Allscripts Healthcare Solutions, a prominent player in the Health Information Services industry, has been exhibiting a positive trend with a profit margin of 3.97% and a net income from continuing operations of
134M. The company has a healthy EPS estimate for the current quarter at 0.19, suggesting a potential for increased profitability. However, investors should take note of the high PEG ratio of 2.42, which may indicate that the stock is overvalued relative to its earnings growth. Furthermore, the company's fiscal year-end financials showed a change to net income reporting a loss of
370M, which could be a cause for concern. Despite these mixed signals, Wall Street's target price for Allscripts stands at 18.44, considerably higher than its current last price of 12.92, indicating a potential upside.

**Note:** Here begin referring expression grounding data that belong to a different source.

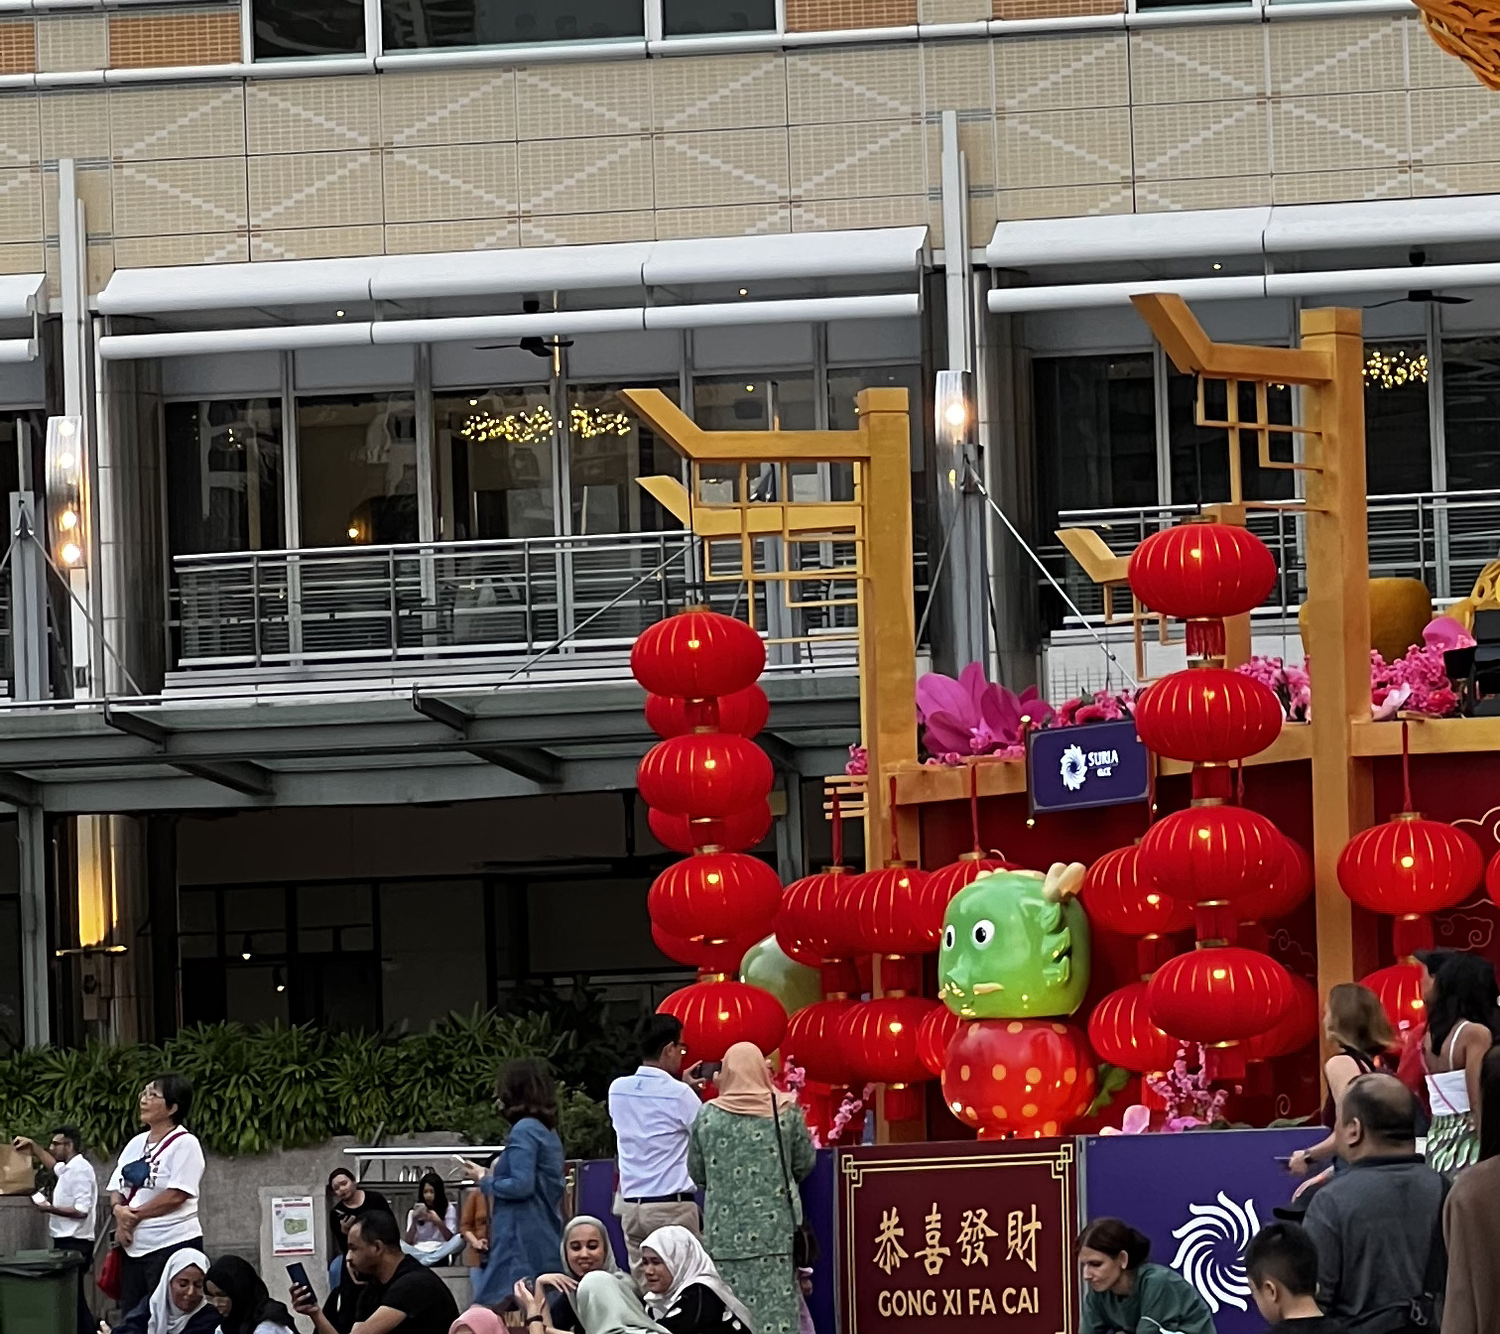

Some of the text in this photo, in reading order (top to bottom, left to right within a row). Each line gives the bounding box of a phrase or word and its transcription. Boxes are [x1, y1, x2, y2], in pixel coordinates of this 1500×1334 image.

[872, 1202, 1042, 1276] 恭喜發財
[877, 1286, 1039, 1317] GONG XI FA CAI
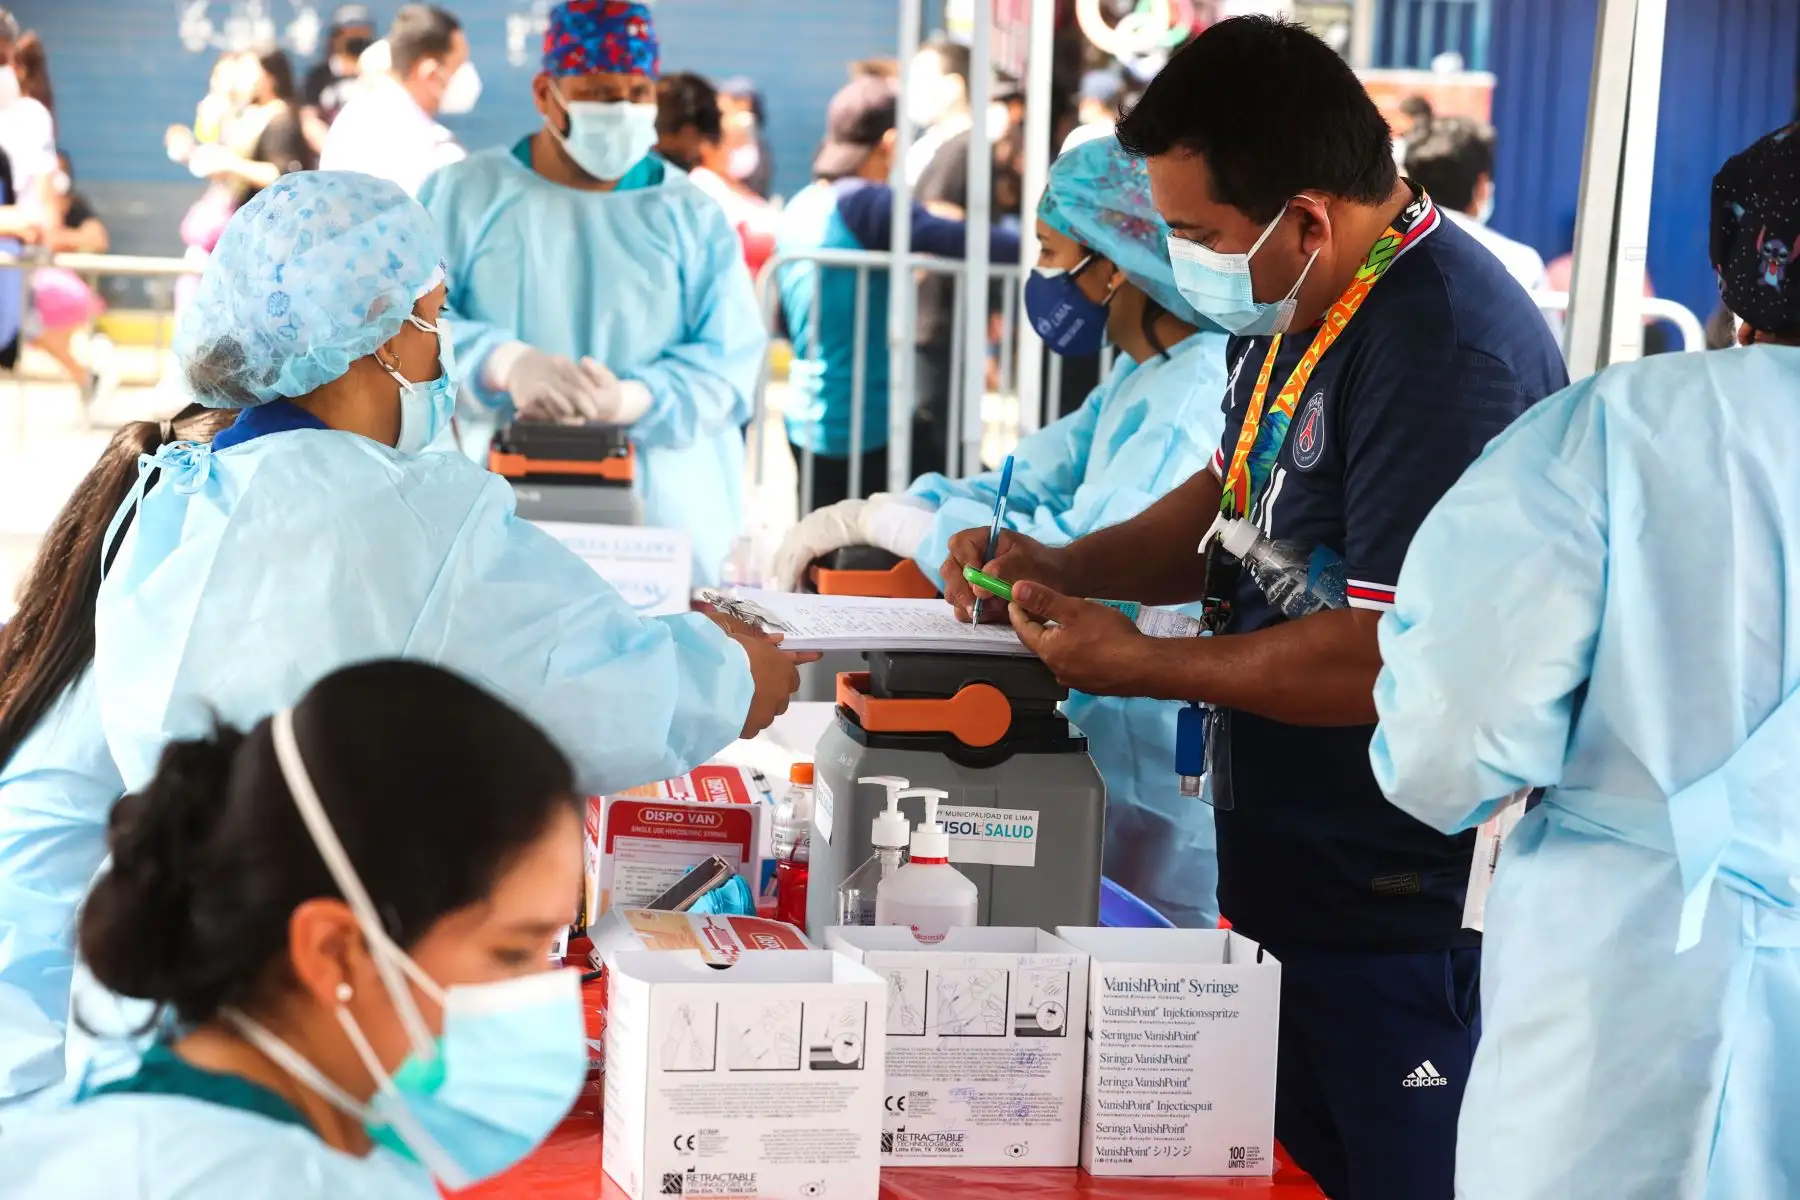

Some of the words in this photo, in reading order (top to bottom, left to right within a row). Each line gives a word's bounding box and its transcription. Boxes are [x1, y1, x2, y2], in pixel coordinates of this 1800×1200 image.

[1277, 280, 1371, 420] SUZUKI
[645, 811, 684, 823] DISPO
[688, 813, 715, 825] VAN
[945, 811, 1002, 820] MUNICIPALIDAD
[935, 820, 980, 836] ISOL
[984, 823, 1034, 839] SALUD
[1188, 978, 1240, 997] Syringe
[1162, 1007, 1240, 1021] Injektionsspritze
[1100, 1029, 1143, 1042] Seringue
[1099, 1052, 1133, 1066] Siringa
[1097, 1076, 1134, 1089] Jeringa
[1402, 1075, 1448, 1088] adidas
[1157, 1100, 1213, 1114] Injectiespuit
[1095, 1122, 1131, 1136] Seringa
[896, 1133, 964, 1142] RETRACTABLE
[1153, 1145, 1192, 1158] シリンジ
[1229, 1146, 1245, 1160] 100
[1228, 1159, 1245, 1169] UNITS
[686, 1172, 758, 1182] RETRACTABLE

Advanced assessment of Allscripts
More than 97.0% of Allscripts Healthcare shares are held by
institutional investors. Institutional ownership of Allscripts Healthcare signifies the percentage of Allscripts Healthcare's equity that is owned by large financial organizations such as mutual funds, pension funds, insurance companies, investment firms, foundations, or other entities that manage funds on behalf of others. Please refer to our most recent analysis of Allscripts, which includes its current
ownership diagnostics.
The performance of Allscripts Healthcare Solutions in the marketplace will significantly impact your decision to invest in its stock. Revenue growth, profitability, competitive positioning, management quality, and industry trends can influence Allscripts Healthcare's
stock prices. When investing in Allscripts Healthcare, there are several factors to consider and potential outcomes to expect. As a company performs well, its stock price may increase, allowing investors to benefit from price appreciation. However, Allscripts Pink Sheet can experience significant price fluctuations due to market conditions, economic factors, industry trends, or company-specific news. This is why investing in stocks such as Allscripts Healthcare carries risks, including the potential for capital loss. Stock prices can decline, and investors may incur losses if they sell shares at a lower price than their initial investment.

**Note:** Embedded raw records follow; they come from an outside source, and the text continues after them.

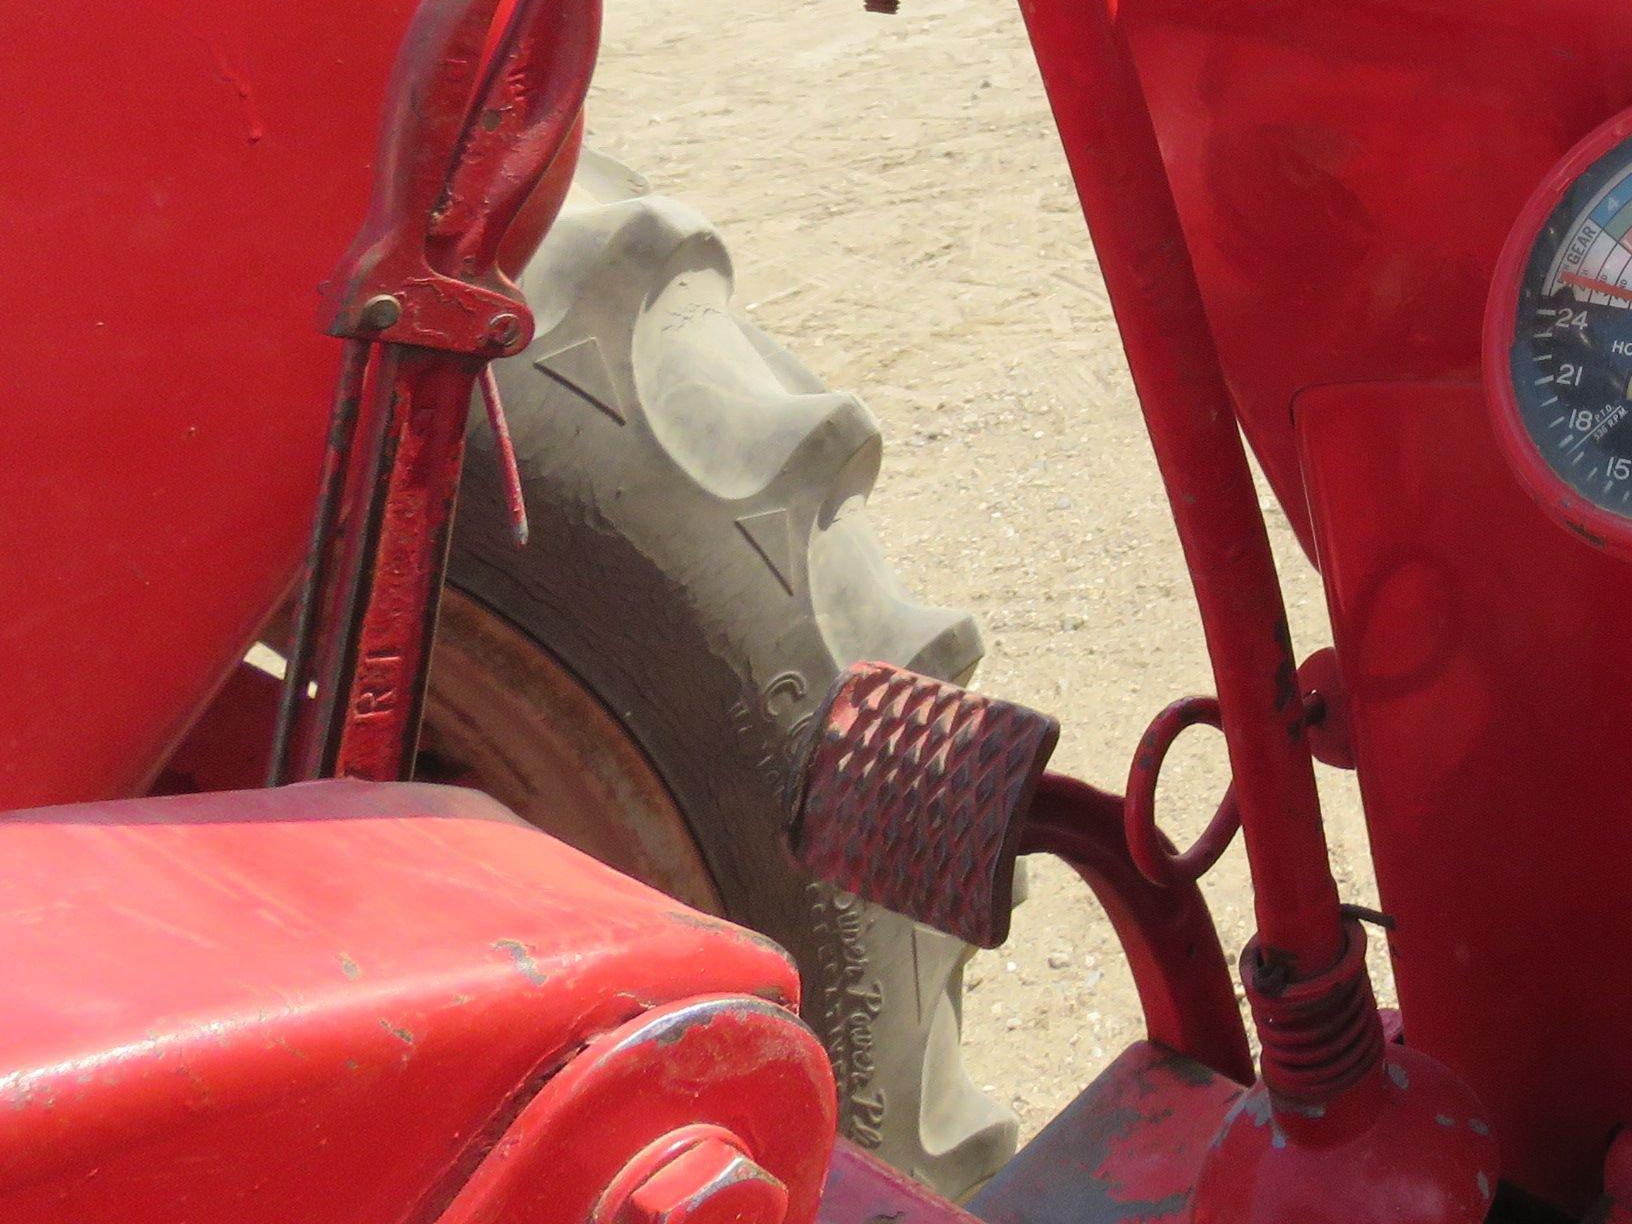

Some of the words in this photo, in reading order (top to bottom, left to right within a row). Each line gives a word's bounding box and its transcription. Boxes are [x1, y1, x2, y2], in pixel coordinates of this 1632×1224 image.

[1607, 197, 1620, 212] 4
[1567, 226, 1597, 265] GEAR
[1555, 307, 1588, 330] 24
[1556, 363, 1583, 386] 21
[1568, 408, 1594, 432] 18
[1606, 456, 1632, 480] 15
[849, 1088, 887, 1150] Pl

How important is Allscripts Healthcare's Liquidity
Allscripts Healthcare
financial leverage refers to using borrowed capital as a funding source to finance Allscripts Healthcare Solutions ongoing operations. It is usually used to expand the firm's asset base and generate returns on borrowed capital. Allscripts Healthcare financial leverage is typically calculated by taking the company's all interest-bearing debt and dividing it by total capital. So the higher the debt-to-capital ratio (i.e., financial leverage), the riskier the company. Financial leverage can amplify the potential profits to Allscripts Healthcare's owners, but it also increases the potential losses and risk of financial distress, including bankruptcy, if the firm cannot cover its debt costs. The degree of Allscripts Healthcare's financial leverage can be measured in several ways, including by ratios such as the debt-to-equity ratio (total debt / total equity), equity multiplier (total assets / total equity), or the debt ratio (total debt / total assets). Please check the
breakdown between Allscripts Healthcare's total debt and its cash.
A Deeper Perspective
Allscripts Healthcare retains a total of 109.26 Million outstanding shares. The majority of Allscripts Healthcare Solutions
outstanding shares are owned by
other corporate entities. These outside corporations are usually referred to as non-private investors looking to acquire positions in Allscripts Healthcare to benefit from reduced commissions. Consequently, institutional investors are subject to a different set of regulations than regular investors in Allscripts Healthcare. Please pay attention to any change in the institutional holdings of Allscripts Healthcare Solutions as this could imply that something significant has changed or about to change at the company. Note that regardless of who owns the company, if the true value of the entity is less than the market is willing to pay for it, you may not be able to generate positive returns over time.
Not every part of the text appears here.